Brexit: Nightmare for Formula One?

Mercedes’s Valtteri Bottas steers his car during a Formula One preseason testing session at the Barcelona Catalunya track in Montmelo on Monday.

By Joseph Wilson / The Associated Press

MONTMELO, Spain—Politics, not engines or aerodynamics, is what really worries Mercedes boss Toto Wolff as his team heads into the new Formula One (F1) season seeking a sixth consecutive title.

It’s the looming possibility of a chaotic rupture of the United Kingdom from the European Union (EU) that would be most problematic.

“That is a nightmare scenario that I don’t want to even envisage,” Wolff said on Monday, the opening day of preseason testing near Barcelona.

“If a no-deal Brexit would happen like has been discussed, I think we would have a major impact in terms of our operations going to the races and getting our cars developed and ready.”

Last month, the British Parliament voted down the deal Prime Minister Theresa May had initially reached with the other 27 members of the EU.

The clock is ticking toward March 29, when the UK is due to leave the bloc with or without a deal. That will come with F1 teams preparing for the second grand prix of the season in Bahrain on March 31.

What a divorce would mean without negotiated terms to handle the legal and commercial implication is hard to predict, but most agree there would be a risk for considerable disruption to trade and the legal status of foreigners.

Besides Mercedes, which has its factory 70 miles northwest of London, the Red Bull, Renault, Williams, McLaren and Racing Point teams also have facilities in the UK.

Wolff fears that an ugly Brexit will give an advantage to those teams based on the European continent. That would mean Ferrari, Mercedes’s biggest challenger in recent years, but it also includes the other Italian team, Toro Rosso; Haas, based in the United States; and Switzerland-based Alfa Romeo.

“Brexit is a major concern for us, and it should be a major concern for all of us who live in the UK and operate out of the UK,” Wolff said.

He fears the disruption affecting not just the movement of teams but also the shipping and delivering of car parts and Mercedes’s staff, which has 26 different nationalities represented.

“The way we are getting parts and services is just in time, at the last minute, into the UK, and any major disruption in borders and taxes would massively damage the Formula 1 industry in the UK,” Wolff said. “We have a fantastic access to talent today in the UK. Formula One has grown.
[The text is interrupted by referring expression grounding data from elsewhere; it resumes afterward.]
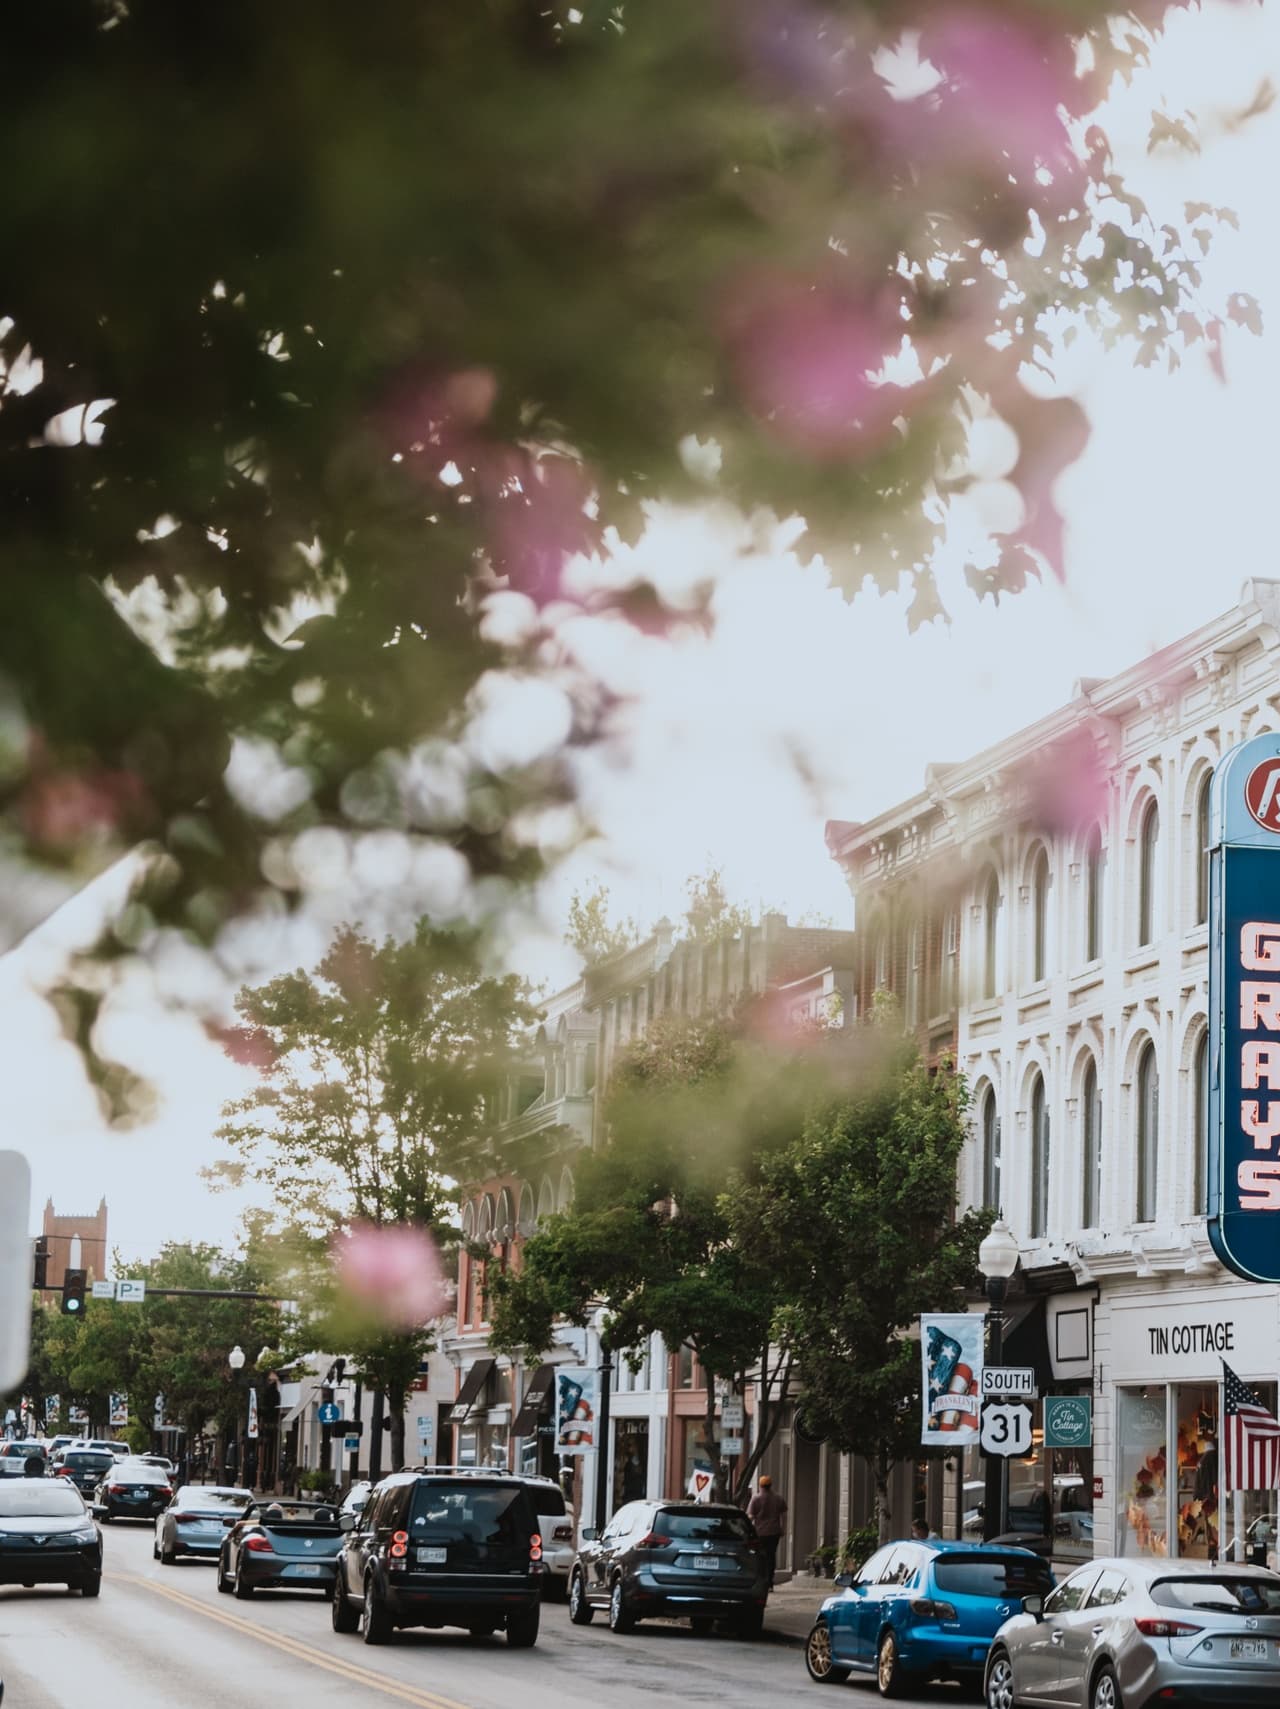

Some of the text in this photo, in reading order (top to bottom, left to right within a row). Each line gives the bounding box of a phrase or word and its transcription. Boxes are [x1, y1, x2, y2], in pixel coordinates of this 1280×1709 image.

[1148, 1322, 1235, 1355] TIN COTTAGE
[984, 1372, 1031, 1389] SOUTH
[1060, 1410, 1075, 1422] Tin
[991, 1413, 1021, 1443] 31
[1052, 1418, 1084, 1433] Cottage
What Silicon Valley is to the US, Formula One is to the UK, and at the moment, there is a risk whether the UK can stay as a competitive location as it is today.”
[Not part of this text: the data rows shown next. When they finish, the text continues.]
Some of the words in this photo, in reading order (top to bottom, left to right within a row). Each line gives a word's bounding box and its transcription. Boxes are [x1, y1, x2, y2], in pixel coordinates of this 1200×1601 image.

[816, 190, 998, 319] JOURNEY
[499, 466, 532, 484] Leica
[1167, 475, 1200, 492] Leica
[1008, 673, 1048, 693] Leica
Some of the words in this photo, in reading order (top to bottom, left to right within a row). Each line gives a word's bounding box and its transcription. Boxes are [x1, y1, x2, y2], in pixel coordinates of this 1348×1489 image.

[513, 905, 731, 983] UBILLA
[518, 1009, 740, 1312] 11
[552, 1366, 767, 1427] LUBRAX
Red Bull team principal Chris Horner is also concerned, but believes that the industry will adjust.

“You can paint a doomsday scenario of Brexit or you can actually maybe see how much it will affect our daily life,” Horner said. “Whether there is no deal, any deal, we will have to deal with it.”
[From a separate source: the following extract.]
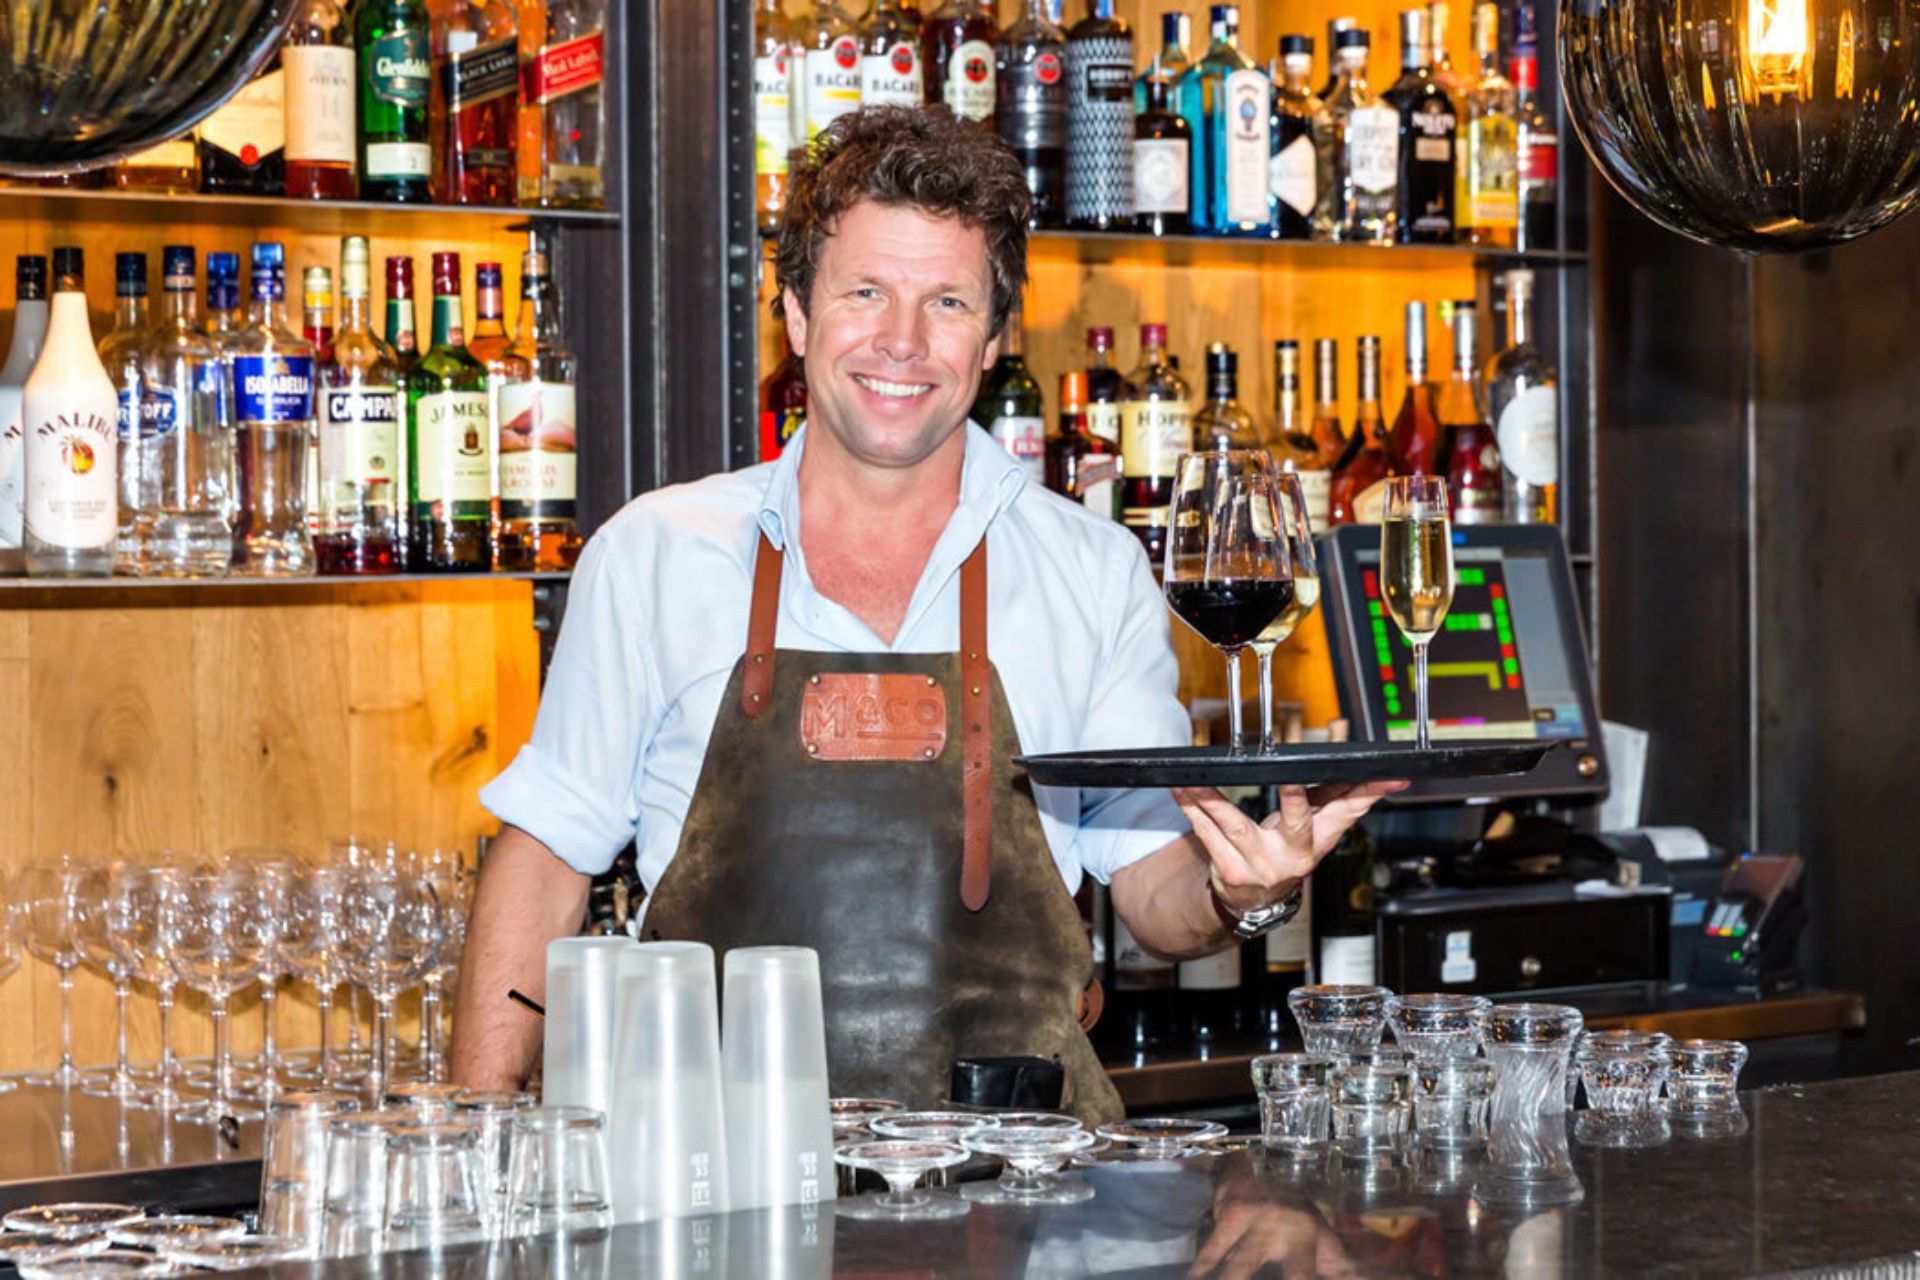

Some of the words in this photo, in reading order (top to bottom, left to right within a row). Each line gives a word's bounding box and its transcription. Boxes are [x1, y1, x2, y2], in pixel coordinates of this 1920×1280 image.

[245, 376, 309, 394] ISOABELL
[331, 395, 396, 419] CAMPA
[431, 402, 489, 423] JMES
For Sebastian Vettel, the opening day of the F1 preseason couldn’t have gone any better.

Vettel, the runner-up to the title last season, clocked the fastest time, was the busiest driver with 169 laps and, most importantly, felt right at home behind the wheel of his new Ferrari.

“We couldn’t have hoped for a better day,” Vettel said after setting a session-best lap time of one minute, 18.161 seconds. “It was unbelievable. The car was working very well. We had no issues slowing us down.

“It is obviously very early, and this will be meaningless in a couple of weeks, but for now, a huge compliment to everyone at the factory. What they put on the track today was very close to perfection.”

Vettel has the daunting goal of ending Mercedes’s five-year dominance of F1.

Defending champion Lewis Hamilton shared time behind the wheel for Mercedes with Valtteri Bottas and ended up with the ninth-fastest time, but it is more very likely that Mercedes was not aiming to top the leaderboard.

Mercedes boss Toto Wolff acknowledged that Ferrari looked quick, but downplayed the importance of lap times in the preseason.

“That is not what tests are about,” Wolff said. “It’s about going through all the parts and looking at all the data.”

Carlos Sainz put in the second-quickest lap in his first ride with McLaren, followed by Haas’s Romain Grosjean and Red Bull’s Max Verstappen.

Renault’s Daniel Ricciardo, who joined the team from Red Bull, and Nico Hulkenberg put in the slowest times of the day, finishing more than 2.8 seconds slower than Vettel.

Williams, which finished last in the team standings last year, missed the first day of testing and is likely to miss Tuesday’s session, as well.

Alfa Romeo, previously known as Sauber, unveiled its new burgundy-and-white car in the pit lane before testing began. Kimi Raikkonen, who joined the team from Ferrari, had the fifth-best time but also went off the track twice without damaging his car.

The season-opening Australian Grand Prix is on March 17.